Lorsque François Dubet nous dit que l’acteur de l’action sociale, la personne qui en bénéficie, doit devenir un « intellectuel », comme un acteur capable de maitriser consciemment son rapport au monde. Je crains que malheureusement, cette dernière phase du capitalisme qu’est l’abstraction de l’argent ne soit un phénomène qui ne fasse qu’amplifier la désocialisation de ces jeunes en leur faisant perdre une valeur qu’ils n’ont même plus l’occasion de sentir aujourd’hui, ne serait-ce que par le toucher de pièces de monnaie ou de billets… La majorité de la richesse de notre société n’est plus dans les tiroirs-caisses mais sur des papiers.

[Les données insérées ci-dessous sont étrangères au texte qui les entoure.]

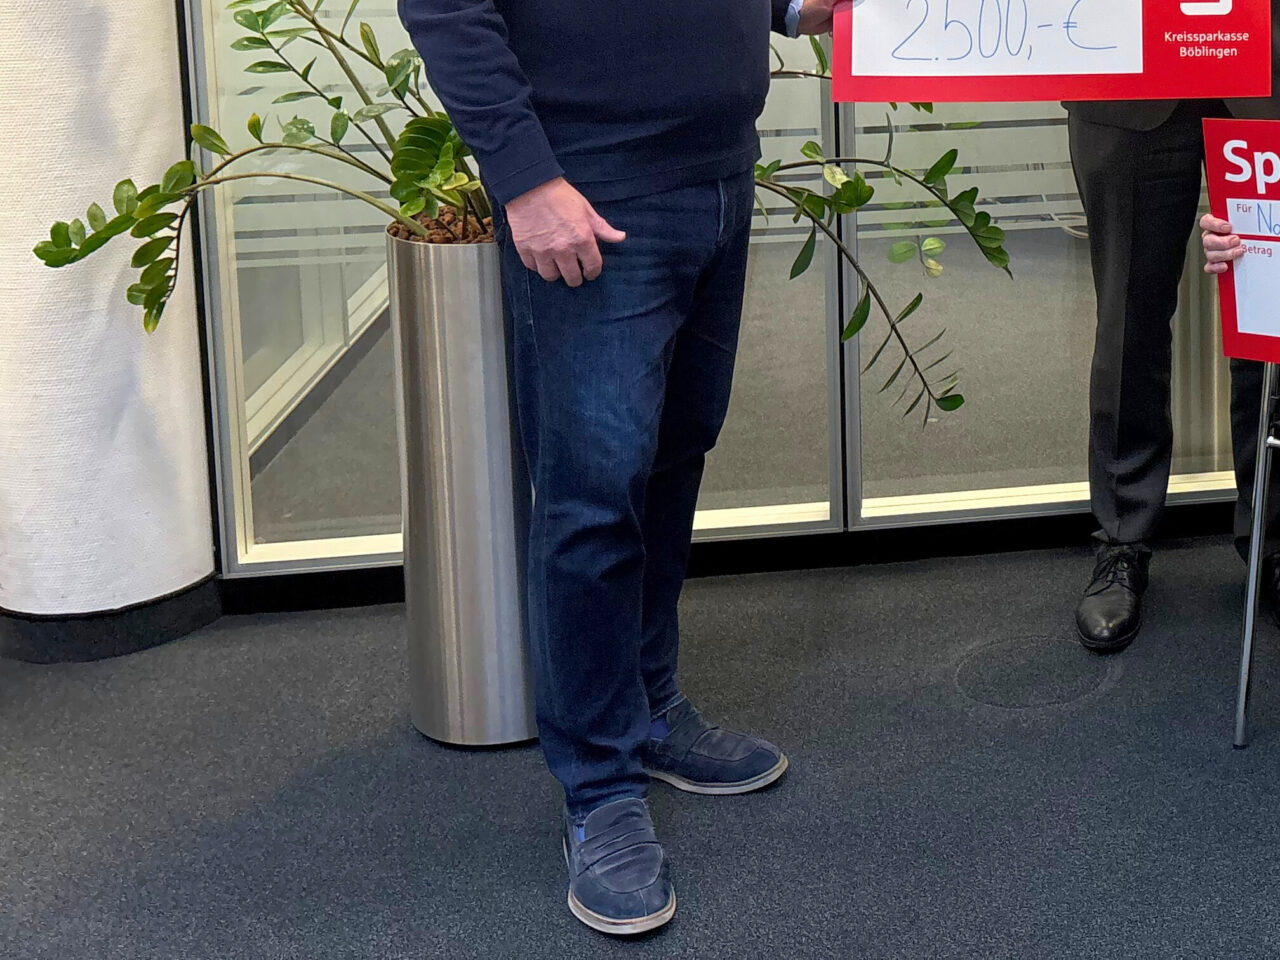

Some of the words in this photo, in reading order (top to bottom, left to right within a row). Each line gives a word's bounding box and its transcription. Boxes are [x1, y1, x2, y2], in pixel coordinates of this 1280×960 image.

[1164, 30, 1249, 44] Kreissparkasse
[1179, 46, 1237, 59] Böblingen
[1236, 203, 1252, 214] Für
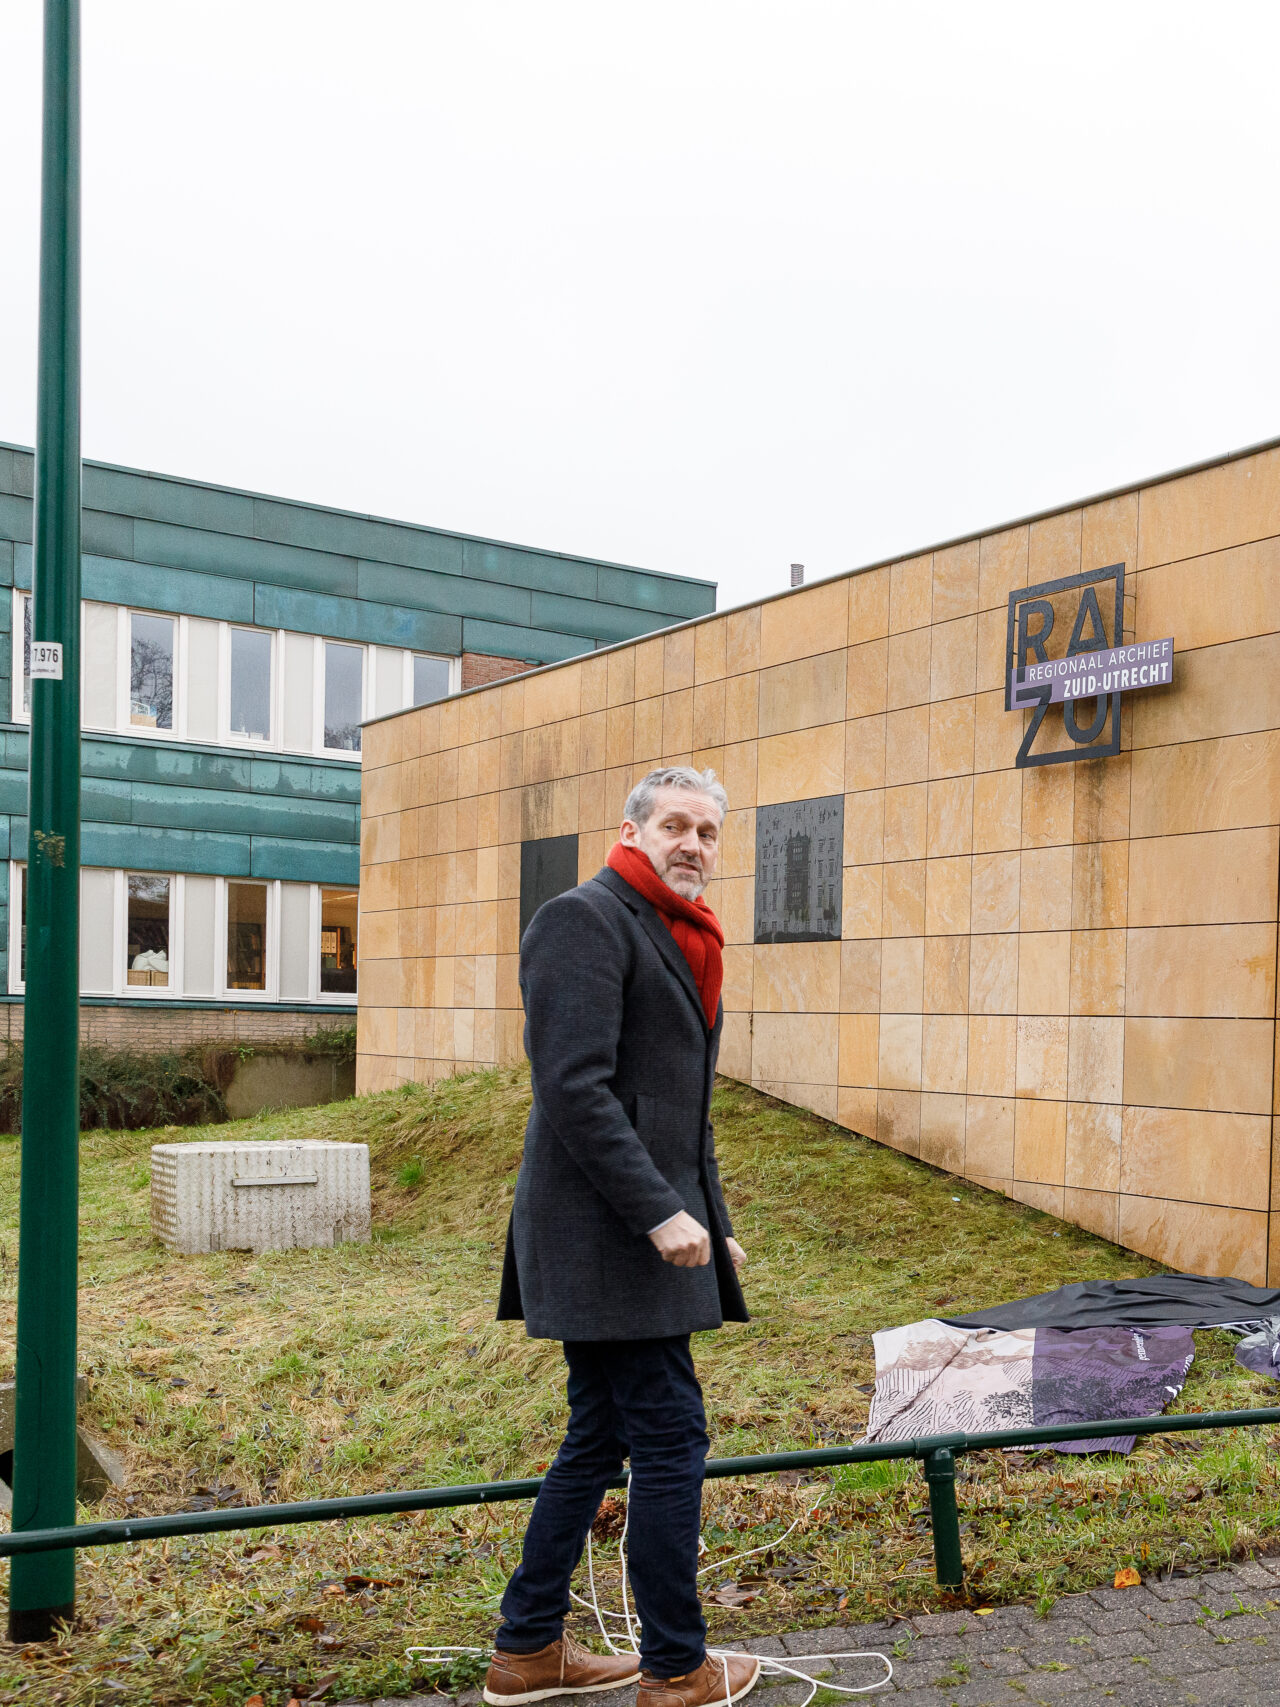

Aussi, quand j’entends, et c’est mon dernier propos, que les gens entre eux pour les vœux de la nouvelle année se souhaitent une bonne santé (poncif, et surtout la santé !) et de recevoir plein d’argent… je ne peux m’empêcher de fulminer et de me dire que cette perversion a gagné du terrain sur le vivre-ensemble, que le statut a pris le pas sur l’amour, et que ce n’est plus le collectif qui compte, mais l’individu et qu’au final, l’argent devient un vecteur de stigmatisation des collectifs ; de ceux qui en ont et de ceux qui n’en ont pas. Finalement, on n’est plus si loin que ça de la misanthropie du Sieur Timon…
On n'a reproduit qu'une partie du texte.